School of Electrical and Computer Engineering, Georgia Institute of Technology, Atlanta, GA 30332, USA.
Lab Chip. 2019 Oct 7;19(19):3292-3304. doi: 10.1039/c9lc00597h. Epub 2019 Sep 4.
Beyond their conventional use of counting and sizing particles, Coulter sensors can be used to spatially track suspended particles, with multiple sensors distributed over a microfluidic chip. Code-multiplexing of Coulter sensors allows such integration to be implemented with simple hardware but requires advanced signal processing to extract multi-dimensional information from the output waveform. In this work, we couple deep learning-based signal analysis with microfluidic code-multiplexed Coulter sensor networks. Specifically, we train convolutional neural networks to analyze Coulter waveforms not only to recognize certain sensor waveform patterns but also to resolve interferences among them. Our technology predicts the size, speed, and location of each detected particle. We show that the algorithm yields a >90% pattern recognition accuracy for distinguishing non-correlated waveform patterns at a processing speed that can potentially enable real-time microfluidic assays. Furthermore, once trained, the algorithm can readily be applied for processing electrical data from other microfluidic devices integrated with the same Coulter sensor network.

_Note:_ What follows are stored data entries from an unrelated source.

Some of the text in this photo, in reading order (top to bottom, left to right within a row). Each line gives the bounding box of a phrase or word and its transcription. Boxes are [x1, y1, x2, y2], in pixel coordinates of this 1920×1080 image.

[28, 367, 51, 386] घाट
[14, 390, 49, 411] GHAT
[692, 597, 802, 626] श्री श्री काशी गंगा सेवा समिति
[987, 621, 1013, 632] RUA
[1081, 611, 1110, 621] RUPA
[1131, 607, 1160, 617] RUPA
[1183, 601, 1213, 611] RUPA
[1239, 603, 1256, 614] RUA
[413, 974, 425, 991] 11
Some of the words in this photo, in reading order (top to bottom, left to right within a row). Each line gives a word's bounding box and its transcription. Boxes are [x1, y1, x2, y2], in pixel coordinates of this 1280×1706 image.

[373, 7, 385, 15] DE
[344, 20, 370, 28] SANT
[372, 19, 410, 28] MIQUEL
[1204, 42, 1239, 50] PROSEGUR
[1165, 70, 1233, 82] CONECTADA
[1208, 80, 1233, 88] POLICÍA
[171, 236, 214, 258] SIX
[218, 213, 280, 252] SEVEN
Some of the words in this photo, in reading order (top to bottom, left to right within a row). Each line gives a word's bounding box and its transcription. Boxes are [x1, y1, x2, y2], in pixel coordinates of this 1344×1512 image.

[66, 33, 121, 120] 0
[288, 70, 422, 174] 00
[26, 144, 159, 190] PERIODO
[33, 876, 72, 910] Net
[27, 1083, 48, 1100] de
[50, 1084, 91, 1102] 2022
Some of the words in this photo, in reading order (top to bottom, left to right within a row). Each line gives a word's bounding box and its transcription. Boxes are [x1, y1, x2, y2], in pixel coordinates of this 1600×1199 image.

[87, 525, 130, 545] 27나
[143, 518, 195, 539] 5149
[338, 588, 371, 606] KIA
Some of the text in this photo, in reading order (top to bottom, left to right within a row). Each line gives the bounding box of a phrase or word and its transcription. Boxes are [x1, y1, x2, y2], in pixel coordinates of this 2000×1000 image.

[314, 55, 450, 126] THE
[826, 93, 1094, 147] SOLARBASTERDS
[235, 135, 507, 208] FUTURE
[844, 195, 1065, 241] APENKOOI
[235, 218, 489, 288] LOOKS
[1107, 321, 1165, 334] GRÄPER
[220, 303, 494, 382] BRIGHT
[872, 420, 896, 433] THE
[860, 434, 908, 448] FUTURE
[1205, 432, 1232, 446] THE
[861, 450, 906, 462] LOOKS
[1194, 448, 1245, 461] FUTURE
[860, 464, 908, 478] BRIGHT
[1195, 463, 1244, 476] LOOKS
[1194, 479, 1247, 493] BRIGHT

除了常规的粒子计数和粒径测量,库尔特传感器还可用于对悬浮粒子进行空间跟踪,在微流控芯片上分布多个传感器。库尔特传感器的代码复用允许通过简单的硬件实现这种集成,但需要先进的信号处理来从输出波形中提取多维信息。在这项工作中,我们将基于深度学习的信号分析与微流控码复用库尔特传感器网络相结合。具体来说,我们训练卷积神经网络来分析库尔特波形,不仅要识别某些传感器的波形模式,还要解决它们之间的干扰。我们的技术可以预测每个检测到的粒子的大小、速度和位置。我们表明,该算法在处理速度上能够实现 >90%的模式识别准确率,从而能够实现实时微流控分析。此外,一旦经过训练,该算法就可以轻松应用于处理与同一库尔特传感器网络集成的其他微流控设备的电数据。